* _Task instructions_: Transcribe, word for word, every record in the data below.

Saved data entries
────────────────────────────────────────

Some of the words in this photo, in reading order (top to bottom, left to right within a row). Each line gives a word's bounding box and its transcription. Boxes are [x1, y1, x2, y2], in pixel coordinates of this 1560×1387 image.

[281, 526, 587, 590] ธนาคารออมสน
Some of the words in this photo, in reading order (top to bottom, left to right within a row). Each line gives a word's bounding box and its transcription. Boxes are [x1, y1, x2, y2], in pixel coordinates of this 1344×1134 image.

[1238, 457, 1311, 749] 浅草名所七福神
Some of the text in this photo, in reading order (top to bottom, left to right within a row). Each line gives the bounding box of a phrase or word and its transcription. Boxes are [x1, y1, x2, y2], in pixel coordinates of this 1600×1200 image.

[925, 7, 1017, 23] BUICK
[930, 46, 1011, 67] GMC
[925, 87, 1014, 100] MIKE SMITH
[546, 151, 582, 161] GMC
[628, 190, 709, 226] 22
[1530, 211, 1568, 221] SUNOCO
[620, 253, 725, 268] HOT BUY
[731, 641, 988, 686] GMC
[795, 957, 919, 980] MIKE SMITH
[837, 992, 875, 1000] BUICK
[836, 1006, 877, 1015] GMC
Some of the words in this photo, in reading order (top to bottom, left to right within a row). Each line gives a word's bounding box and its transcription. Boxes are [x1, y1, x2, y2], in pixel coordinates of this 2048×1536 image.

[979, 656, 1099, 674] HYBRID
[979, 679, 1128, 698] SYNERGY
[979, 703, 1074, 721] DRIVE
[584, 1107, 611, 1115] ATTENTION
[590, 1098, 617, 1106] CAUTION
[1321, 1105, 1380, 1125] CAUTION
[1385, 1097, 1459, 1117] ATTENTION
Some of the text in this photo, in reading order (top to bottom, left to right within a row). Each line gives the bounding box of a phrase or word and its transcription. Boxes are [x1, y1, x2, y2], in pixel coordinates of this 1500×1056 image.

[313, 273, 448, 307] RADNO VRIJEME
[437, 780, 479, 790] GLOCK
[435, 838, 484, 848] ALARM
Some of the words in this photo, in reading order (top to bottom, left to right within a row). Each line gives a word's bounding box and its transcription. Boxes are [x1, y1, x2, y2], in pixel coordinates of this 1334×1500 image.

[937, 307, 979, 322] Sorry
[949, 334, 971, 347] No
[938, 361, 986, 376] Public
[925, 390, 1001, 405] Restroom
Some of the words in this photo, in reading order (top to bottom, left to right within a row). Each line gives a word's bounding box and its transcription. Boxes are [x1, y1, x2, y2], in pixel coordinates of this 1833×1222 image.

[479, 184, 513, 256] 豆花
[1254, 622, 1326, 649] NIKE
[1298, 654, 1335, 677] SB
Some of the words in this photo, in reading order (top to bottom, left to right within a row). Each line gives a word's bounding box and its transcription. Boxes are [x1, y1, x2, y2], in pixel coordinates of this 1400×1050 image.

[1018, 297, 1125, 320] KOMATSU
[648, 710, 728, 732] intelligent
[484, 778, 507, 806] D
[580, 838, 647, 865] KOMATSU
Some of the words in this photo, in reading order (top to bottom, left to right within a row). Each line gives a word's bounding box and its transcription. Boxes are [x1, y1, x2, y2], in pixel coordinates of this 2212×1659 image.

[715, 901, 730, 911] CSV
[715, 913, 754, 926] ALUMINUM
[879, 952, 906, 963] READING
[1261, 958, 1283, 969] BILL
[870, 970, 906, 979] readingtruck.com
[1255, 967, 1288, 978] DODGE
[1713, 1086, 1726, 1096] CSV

────────────────────────────────────────

* _Answer area_:
Some of the words in this photo, in reading order (top to bottom, left to right within a row). Each line gives a word's bounding box and its transcription. Boxes are [x1, y1, x2, y2], in pixel coordinates of this 1560×1387 image.

[281, 526, 587, 590] ธนาคารออมสน
Some of the words in this photo, in reading order (top to bottom, left to right within a row). Each line gives a word's bounding box and its transcription. Boxes are [x1, y1, x2, y2], in pixel coordinates of this 1344×1134 image.

[1238, 457, 1311, 749] 浅草名所七福神
Some of the text in this photo, in reading order (top to bottom, left to right within a row). Each line gives the bounding box of a phrase or word and its transcription. Boxes are [x1, y1, x2, y2], in pixel coordinates of this 1600×1200 image.

[925, 7, 1017, 23] BUICK
[930, 46, 1011, 67] GMC
[925, 87, 1014, 100] MIKE SMITH
[546, 151, 582, 161] GMC
[628, 190, 709, 226] 22
[1530, 211, 1568, 221] SUNOCO
[620, 253, 725, 268] HOT BUY
[731, 641, 988, 686] GMC
[795, 957, 919, 980] MIKE SMITH
[837, 992, 875, 1000] BUICK
[836, 1006, 877, 1015] GMC
Some of the words in this photo, in reading order (top to bottom, left to right within a row). Each line gives a word's bounding box and its transcription. Boxes are [x1, y1, x2, y2], in pixel coordinates of this 2048×1536 image.

[979, 656, 1099, 674] HYBRID
[979, 679, 1128, 698] SYNERGY
[979, 703, 1074, 721] DRIVE
[584, 1107, 611, 1115] ATTENTION
[590, 1098, 617, 1106] CAUTION
[1321, 1105, 1380, 1125] CAUTION
[1385, 1097, 1459, 1117] ATTENTION
Some of the text in this photo, in reading order (top to bottom, left to right within a row). Each line gives the bounding box of a phrase or word and its transcription. Boxes are [x1, y1, x2, y2], in pixel coordinates of this 1500×1056 image.

[313, 273, 448, 307] RADNO VRIJEME
[437, 780, 479, 790] GLOCK
[435, 838, 484, 848] ALARM
Some of the words in this photo, in reading order (top to bottom, left to right within a row). Each line gives a word's bounding box and its transcription. Boxes are [x1, y1, x2, y2], in pixel coordinates of this 1334×1500 image.

[937, 307, 979, 322] Sorry
[949, 334, 971, 347] No
[938, 361, 986, 376] Public
[925, 390, 1001, 405] Restroom
Some of the words in this photo, in reading order (top to bottom, left to right within a row). Each line gives a word's bounding box and its transcription. Boxes are [x1, y1, x2, y2], in pixel coordinates of this 1833×1222 image.

[479, 184, 513, 256] 豆花
[1254, 622, 1326, 649] NIKE
[1298, 654, 1335, 677] SB
Some of the words in this photo, in reading order (top to bottom, left to right within a row). Each line gives a word's bounding box and its transcription. Boxes are [x1, y1, x2, y2], in pixel coordinates of this 1400×1050 image.

[1018, 297, 1125, 320] KOMATSU
[648, 710, 728, 732] intelligent
[484, 778, 507, 806] D
[580, 838, 647, 865] KOMATSU
Some of the words in this photo, in reading order (top to bottom, left to right within a row). Each line gives a word's bounding box and its transcription. Boxes are [x1, y1, x2, y2], in pixel coordinates of this 2212×1659 image.

[715, 901, 730, 911] CSV
[715, 913, 754, 926] ALUMINUM
[879, 952, 906, 963] READING
[1261, 958, 1283, 969] BILL
[870, 970, 906, 979] readingtruck.com
[1255, 967, 1288, 978] DODGE
[1713, 1086, 1726, 1096] CSV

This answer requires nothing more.